Over the past years, the impacts of the persisting energy crisis have affected electricity prices in an unprecedented way, with the local wholesale electricity market exhibiting significant vulnerabilities and exposure to price volatility. The latter has led to spot prices that, during the second half of 2022, even exceeded 500–600 €/MWh, with the annual average positioned at 280 €/MWh. This had a direct impact on retail prices as well, which, despite state subsidies, has led to increased levels of insecurity for end customers, as in the rest of Europe [3,4].

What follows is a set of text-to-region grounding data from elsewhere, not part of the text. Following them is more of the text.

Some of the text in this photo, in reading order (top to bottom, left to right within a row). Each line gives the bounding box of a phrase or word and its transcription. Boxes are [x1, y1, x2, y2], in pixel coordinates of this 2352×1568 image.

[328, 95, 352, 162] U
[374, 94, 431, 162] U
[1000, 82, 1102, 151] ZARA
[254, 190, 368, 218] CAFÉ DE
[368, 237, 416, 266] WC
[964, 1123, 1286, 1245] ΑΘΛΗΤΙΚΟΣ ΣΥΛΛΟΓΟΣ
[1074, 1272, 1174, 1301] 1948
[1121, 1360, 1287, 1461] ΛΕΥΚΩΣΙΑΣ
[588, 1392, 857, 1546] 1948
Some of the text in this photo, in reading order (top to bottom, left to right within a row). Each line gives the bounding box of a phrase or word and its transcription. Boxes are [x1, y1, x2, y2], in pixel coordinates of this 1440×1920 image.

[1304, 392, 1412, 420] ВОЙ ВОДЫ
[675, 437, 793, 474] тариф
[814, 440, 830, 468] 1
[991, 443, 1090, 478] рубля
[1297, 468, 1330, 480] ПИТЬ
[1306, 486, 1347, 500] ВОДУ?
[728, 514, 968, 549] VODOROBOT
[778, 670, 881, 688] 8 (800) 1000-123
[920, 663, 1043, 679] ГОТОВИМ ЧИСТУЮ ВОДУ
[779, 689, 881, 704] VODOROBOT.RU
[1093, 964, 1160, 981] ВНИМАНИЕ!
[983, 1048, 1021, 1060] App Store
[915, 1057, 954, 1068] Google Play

In response to the unfolding energy crisis in Europe, in May 2022 the European Commission launched the ambitious REPowerEU plan [5,6], aiming to put forward a bundle of initiatives regarding energy saving, clean energy production and energy supply diversification, and with a special focus, amongst other things, on the promotion of residential-scale PV solutions. Similar subsidy schemes recently emerged in Greece as well, paving the way for introducing not only PVs but also hybrid PV–battery schemes in the residential sector. With this in mind, we currently argue that for the roll-out of similar configurations, extra value needs to be extracted from their operation, which also implies the need for interfacing the local electricity market.
2. Materials and Methods
2.1. Problem Definition and Methods
Acknowledging the above, the current study develops a computational framework for the evaluation of different prosumer schemes, capturing different RES–battery configurations (including both wind and solar power of residential scale) combined with practical market-integration strategies. For that purpose, we used a typical Greek household demand pattern and performed an extensive parametrical analysis concerning system size, spot price levels and degree of market integration. The schematic block of Figure 1 synopsizes the problem methodology, which, apart from the variation in system main variables (Nw: wind power; Npv: PV power; ESS: battery capacity), looks at the examination of different scenarios and the generation of energy and economic performance metrics, explained in Table 1 and Table 2, together with main parameters and assumptions.
Figure 1.
Schematic representation of the formulated problem.
Table 1.
Main, non-system parameters of the problem.
Table 2.
Main performance metrics of the problem.
Accordingly, the approach adopted for the examination of the problem is the brute force approach, which assumes study of all possible configurations within a given range of analysis, allowing in this way for the interpretation of emerging trends rather than for the designation of unique, optimum solutions. To that end, the span of solutions currently examined considers 0–10 kW variation in wind and PV power (1 kW step) and 0–30 kWh variation in battery capacity (2 kWh step, DoD of 80% and a moderate roundtrip efficiency of ~75%), which gathers a total of 1936 different configurations, together with examination of two different schedules for the day-ahead GEEs to the local grid, i.e., from 7 am to 18 pm (12 h) and for the entire 24 h period of each following day.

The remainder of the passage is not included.